The closer you work with a ghostwriter from the beginning, the faster you’ll scale your brand.
The first article is crucial for creating the path to all the others. The more input placed up front, the better.
I learned this early in my ghostwriting career.
My first client was a disaster because I spent four articles trying to tune the client’s voice myself without any input. By the fifth article, the client finally provided some input, decided on which direction to choose in regards to voice. We remained consistent from there, but the first four sounded like four different people, which is obviously not good for brand building.
Starting with my second client, I began demanding crucial input.
Typical first articles go through at least four drafts to create the voice needed. This continues today, and my agency’s ghostwriters do the same.
Second articles are, on average, two drafts.

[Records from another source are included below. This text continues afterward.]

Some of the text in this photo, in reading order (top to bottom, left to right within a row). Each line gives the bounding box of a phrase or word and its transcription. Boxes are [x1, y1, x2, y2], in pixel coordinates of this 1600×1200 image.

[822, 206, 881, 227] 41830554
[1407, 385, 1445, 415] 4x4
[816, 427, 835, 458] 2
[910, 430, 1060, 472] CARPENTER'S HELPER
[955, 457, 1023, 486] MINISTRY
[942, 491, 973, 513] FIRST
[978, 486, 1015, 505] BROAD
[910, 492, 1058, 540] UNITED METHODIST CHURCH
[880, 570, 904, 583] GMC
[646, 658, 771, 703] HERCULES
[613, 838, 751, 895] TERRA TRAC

By article three, the client’s input is rarely needed. Provide a topic and let the professional writer handle the rest.
Remember, this is your voice. The more you tweak the first piece, the better the following articles will become.
Once you’ve spent valuable time training your ghostwriter, there’s no reason to do it again.

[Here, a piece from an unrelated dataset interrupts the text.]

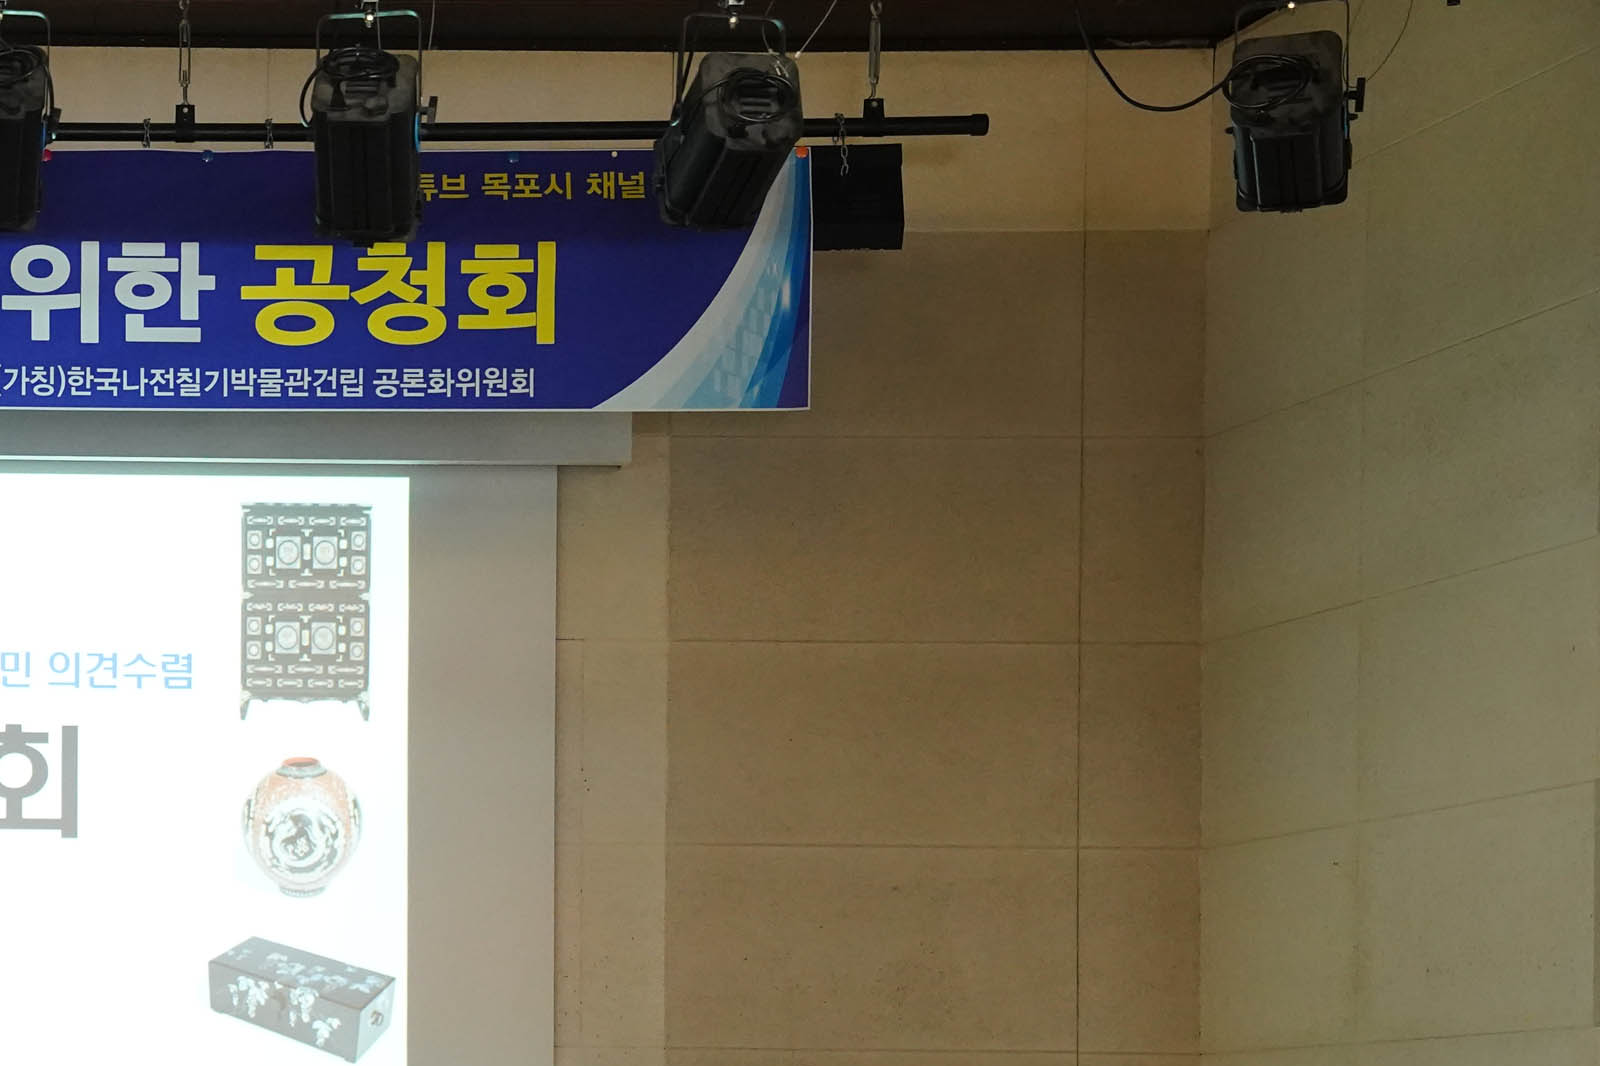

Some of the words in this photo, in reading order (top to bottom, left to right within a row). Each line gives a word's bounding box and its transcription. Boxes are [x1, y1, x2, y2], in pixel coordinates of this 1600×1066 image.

Retention is crucial once you’ve got someone creating your voice.
There are two ways to achieve this.
Compensation is simple. Set a rate, and immediately set raises.
Also, a quick bonus here and there doesn’t hurt.
Since I launched my agency, I’ve spent my time training ghostwriters to fulfill client needs. But I continue to ghostwrite for two of my clients who were with me long before my agency was even an idea.
The reason is simple – frequent bonuses and more money.
Top players of companies don’t get that far without constant learning.
This learning is typically done through hardcore reading (text or audiobooks!).
Share what you’re reading with your ghostwriter, and always be looking to influence them to always grow.
This will not only help them strengthen your brand, it will also make them respect you more, which naturally will lead to enhanced energy and stronger writing.
Those business leaders who follow the 80/20 principle — everyone from Steve Jobs to Perry Marshall — know the benefits of delegating what they either can’t do or don’t have time to do.
Creating content is typically on top of this list — and this is a task that can’t be overlooked.
Content marketing is the Holy Grail of everything in business — from copy that converts to long-form articles in Forbes or LinkedIn that scale brand awareness. And when that copy comes from the top players in a company, such as a CEO or VP of marketing, the messages are amplified.
But due to the flow of normal business, writing is typically pushed to the bottom of the list for “when there’s time.”
You don’t want to risk sidelining one of the most valuable content marketing assets of your company.
Find the optimal ghostwriter who will amplify your business and personal brands; train them; and retain them. All steps are above.